Data excerpts:
-=-=-

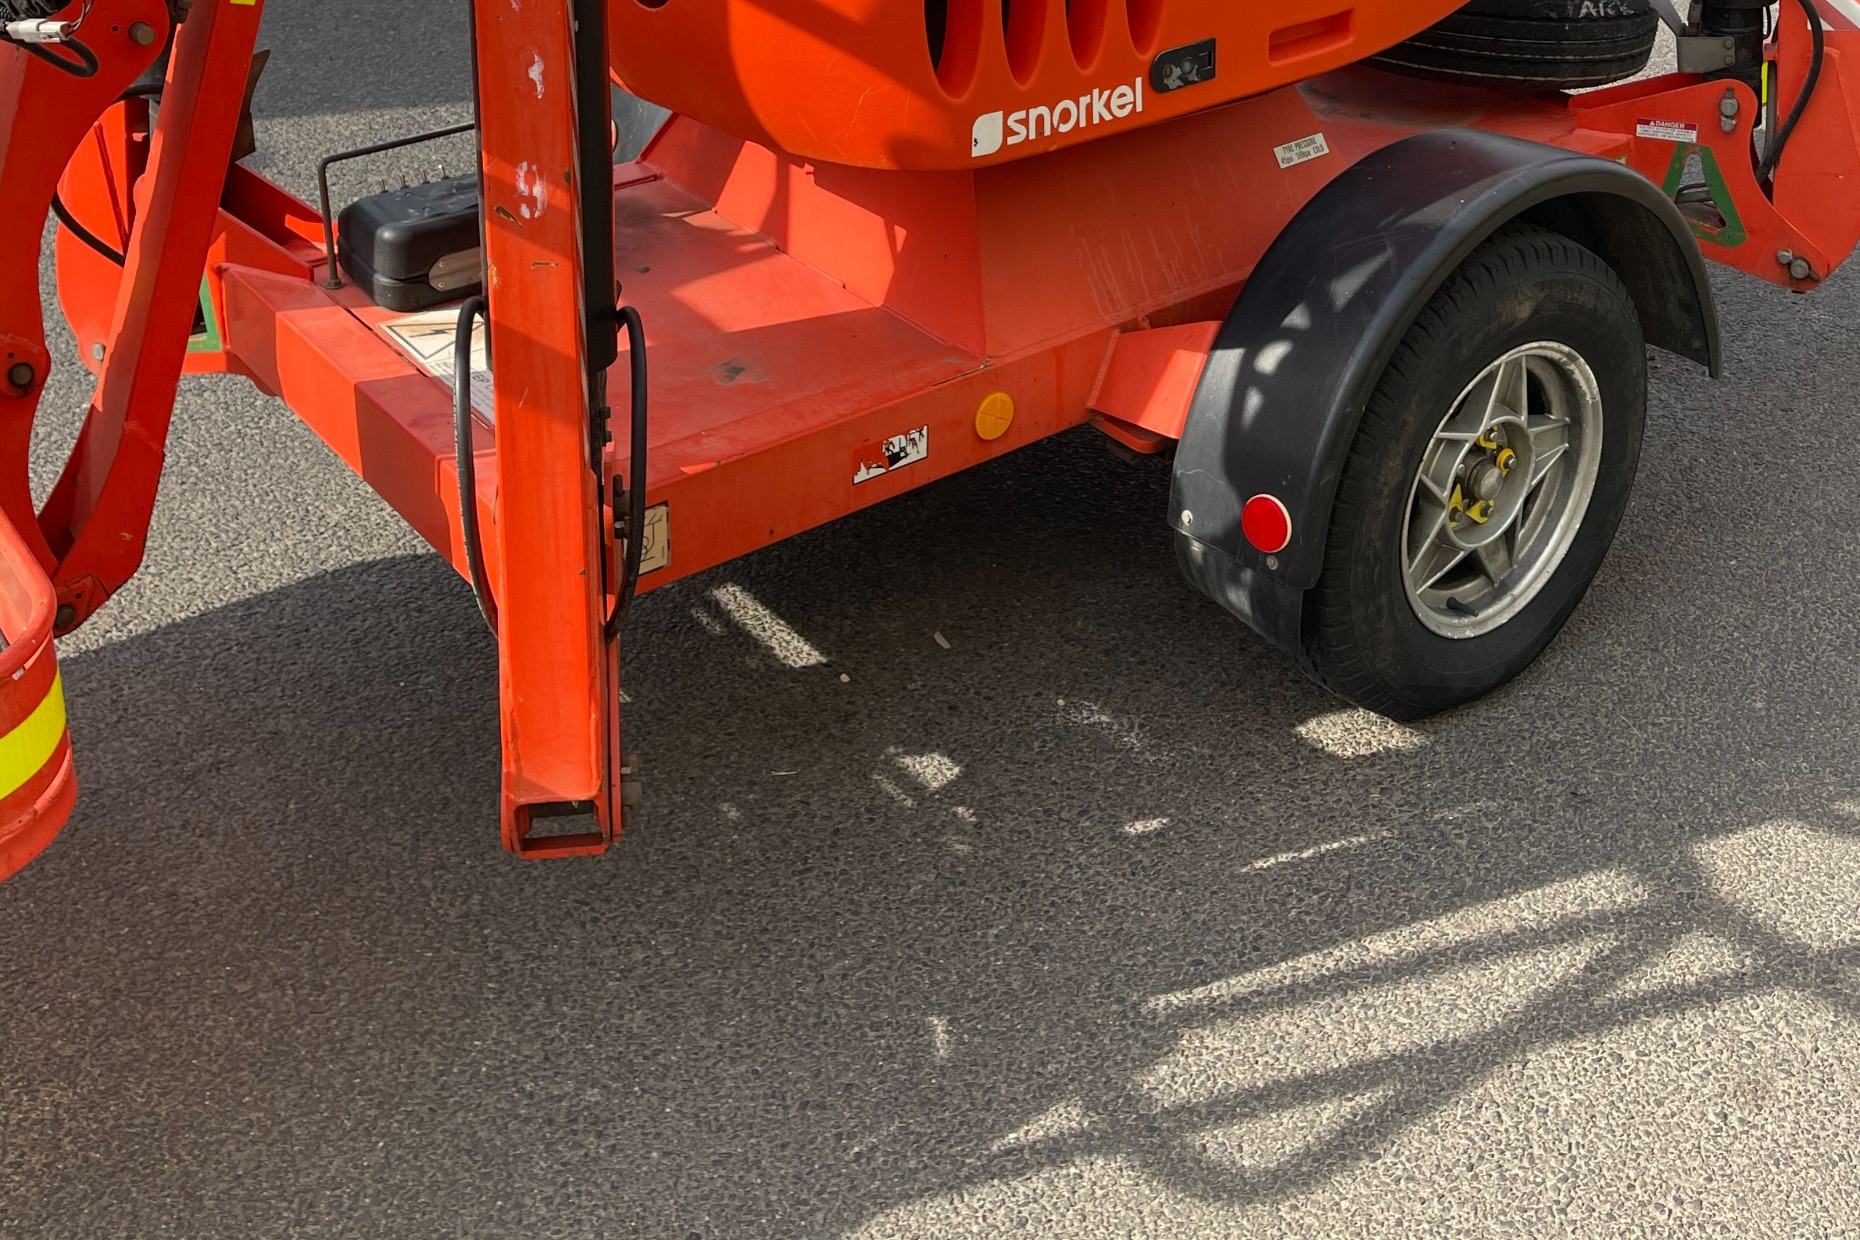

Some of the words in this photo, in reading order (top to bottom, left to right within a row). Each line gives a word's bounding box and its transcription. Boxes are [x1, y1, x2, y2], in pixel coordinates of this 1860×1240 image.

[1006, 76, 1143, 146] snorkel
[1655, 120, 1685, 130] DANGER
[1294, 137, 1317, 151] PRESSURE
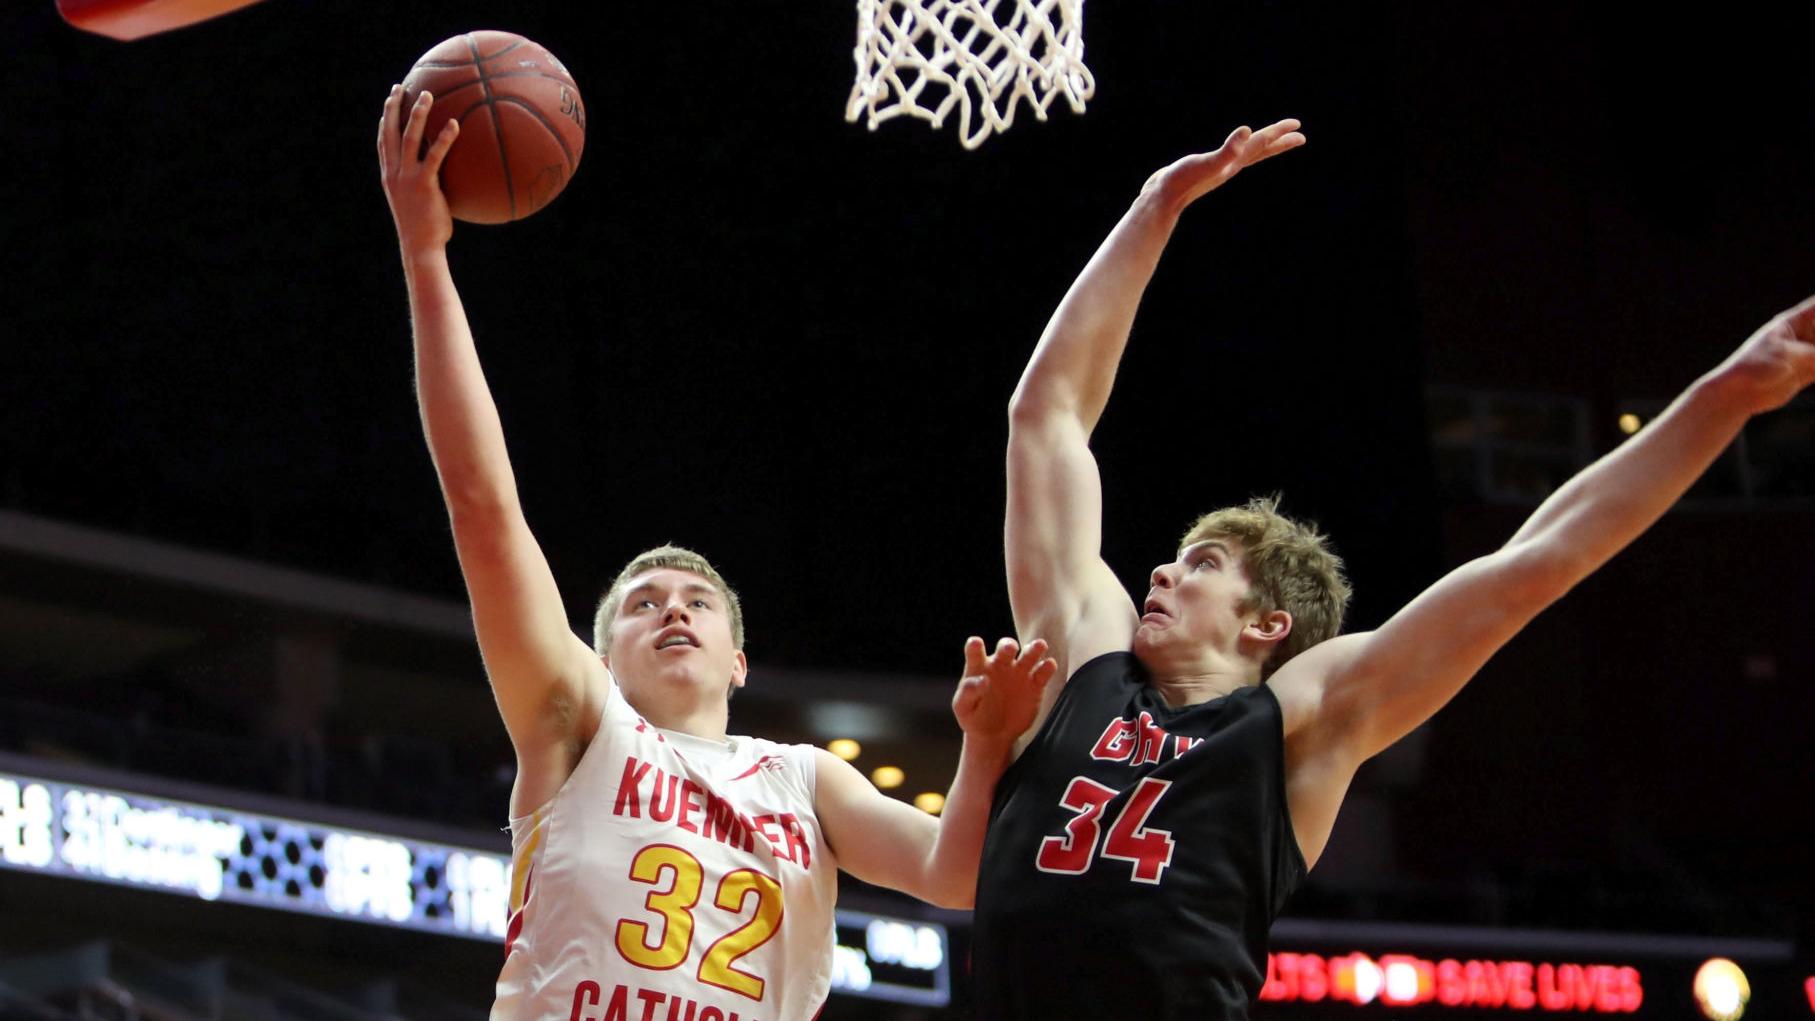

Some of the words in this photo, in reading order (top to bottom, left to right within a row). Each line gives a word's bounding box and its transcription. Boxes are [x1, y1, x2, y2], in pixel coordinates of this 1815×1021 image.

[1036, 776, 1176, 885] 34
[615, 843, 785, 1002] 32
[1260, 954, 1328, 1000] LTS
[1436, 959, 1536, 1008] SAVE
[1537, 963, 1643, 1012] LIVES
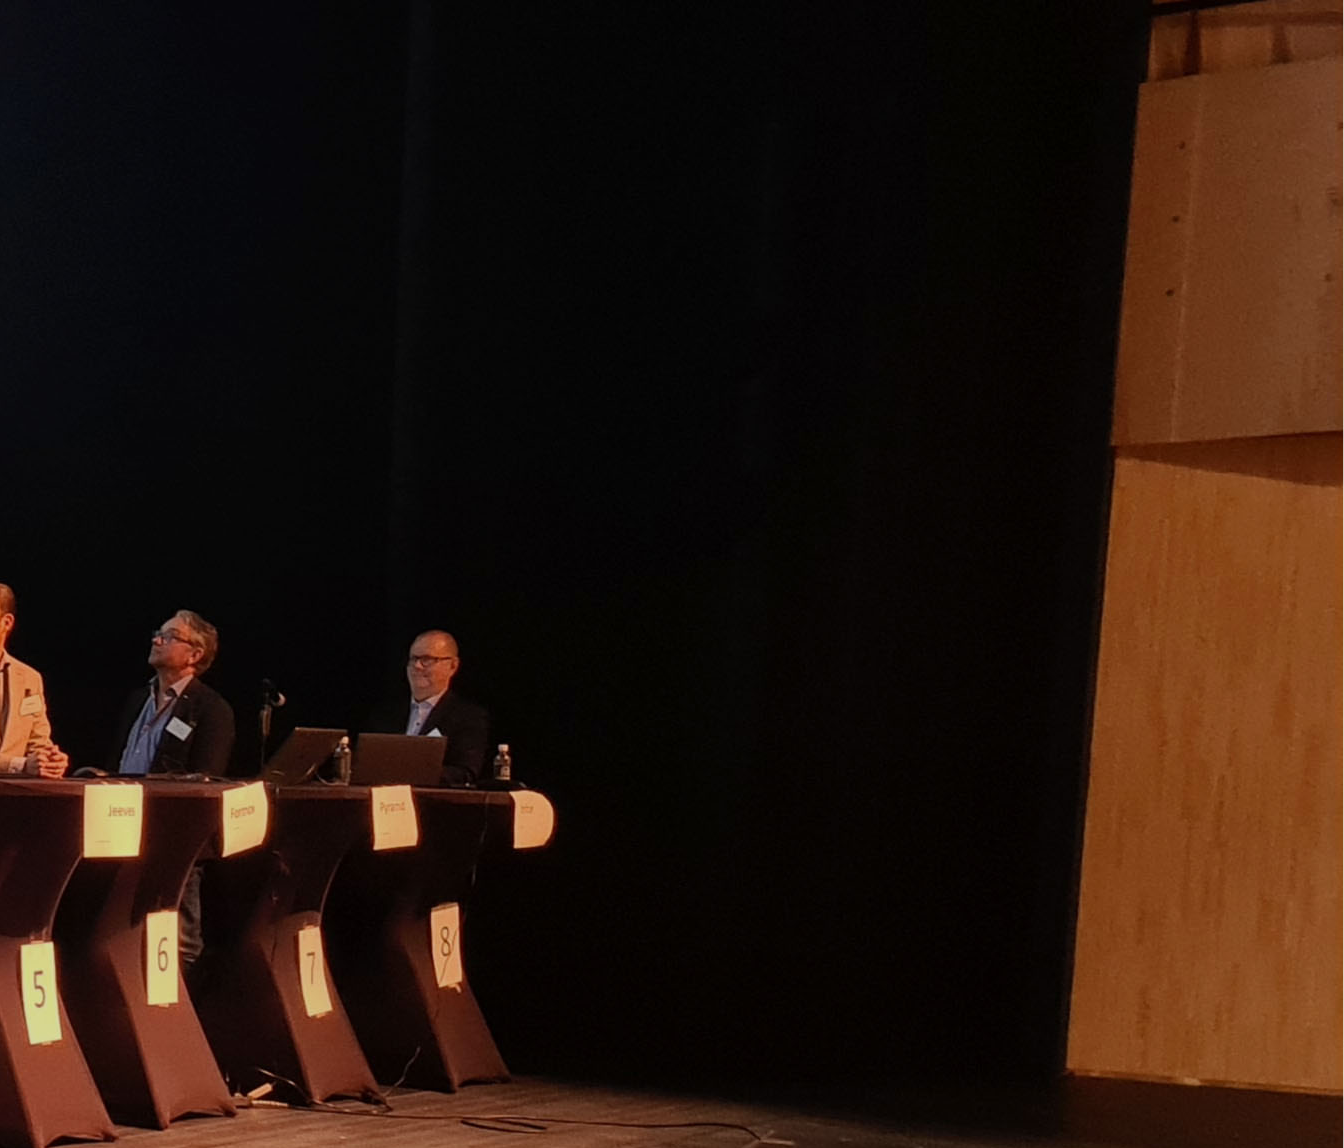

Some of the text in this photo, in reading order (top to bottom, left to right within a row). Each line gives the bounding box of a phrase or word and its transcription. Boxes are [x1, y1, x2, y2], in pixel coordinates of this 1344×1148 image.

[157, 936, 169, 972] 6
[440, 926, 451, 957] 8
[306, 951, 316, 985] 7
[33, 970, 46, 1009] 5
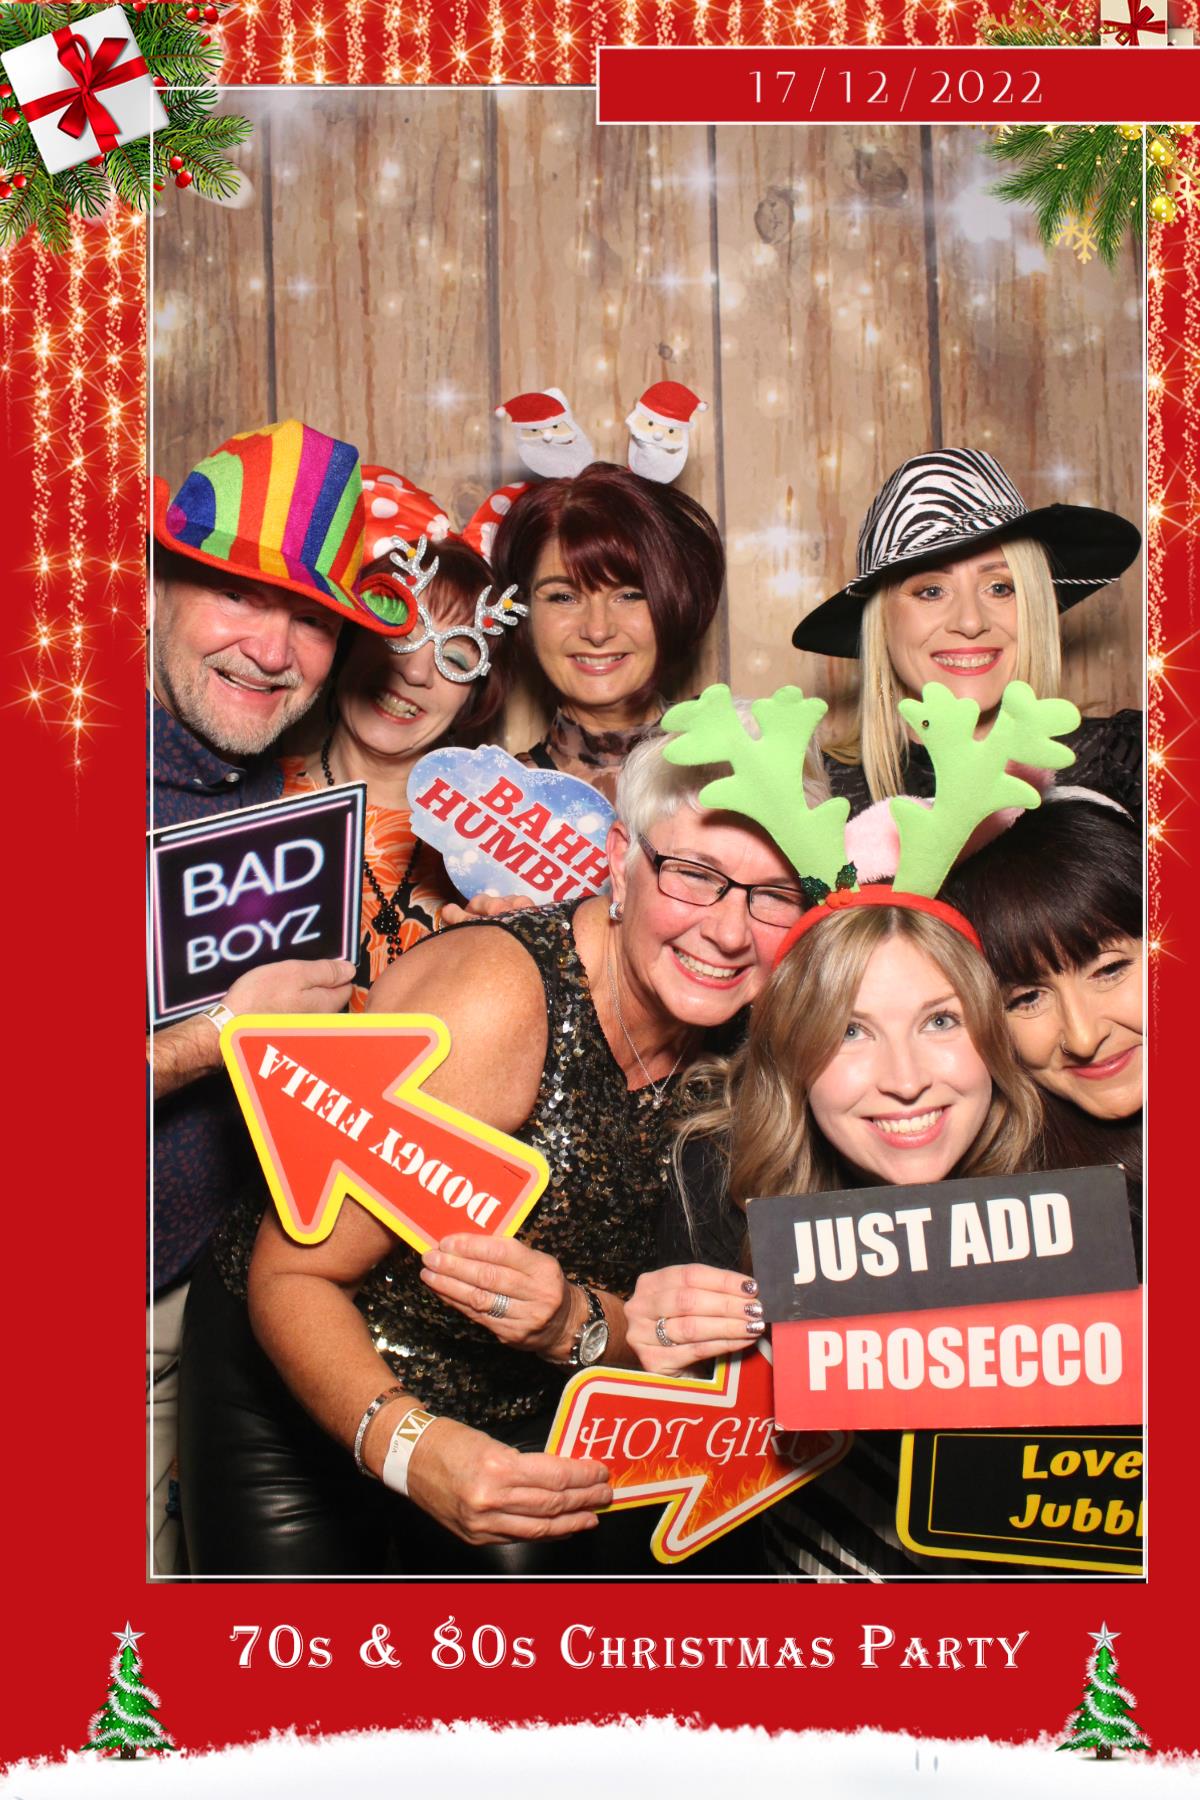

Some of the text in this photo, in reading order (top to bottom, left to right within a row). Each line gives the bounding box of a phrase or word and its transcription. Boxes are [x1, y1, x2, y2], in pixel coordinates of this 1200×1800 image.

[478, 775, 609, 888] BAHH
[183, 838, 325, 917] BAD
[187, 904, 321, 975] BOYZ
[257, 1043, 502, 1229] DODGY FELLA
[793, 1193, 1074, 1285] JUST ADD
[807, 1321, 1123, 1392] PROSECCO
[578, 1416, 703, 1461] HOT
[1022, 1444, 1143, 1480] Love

-=-=-

With the pictures left out, transcribe exactly the lines from the line holding "this 1344×1148 image." through the closing line of the entries.

§ **OUTPUT**
Some of the text in this photo, in reading order (top to bottom, left to right within a row). Each line gives the bounding box of a phrase or word and its transcription. Boxes are [x1, y1, x2, y2], in pixel coordinates of this 1344×1148 image.

[157, 936, 169, 972] 6
[440, 926, 451, 957] 8
[306, 951, 316, 985] 7
[33, 970, 46, 1009] 5

Some of the text in this photo, in reading order (top to bottom, left to right within a row). Each line gives the bounding box of a phrase or word and its transcription. Boxes are [x1, y1, x2, y2], in pixel coordinates of this 1200×1800 image.

[478, 775, 609, 888] BAHH
[183, 838, 325, 917] BAD
[187, 904, 321, 975] BOYZ
[257, 1043, 502, 1229] DODGY FELLA
[793, 1193, 1074, 1285] JUST ADD
[807, 1321, 1123, 1392] PROSECCO
[578, 1416, 703, 1461] HOT
[1022, 1444, 1143, 1480] Love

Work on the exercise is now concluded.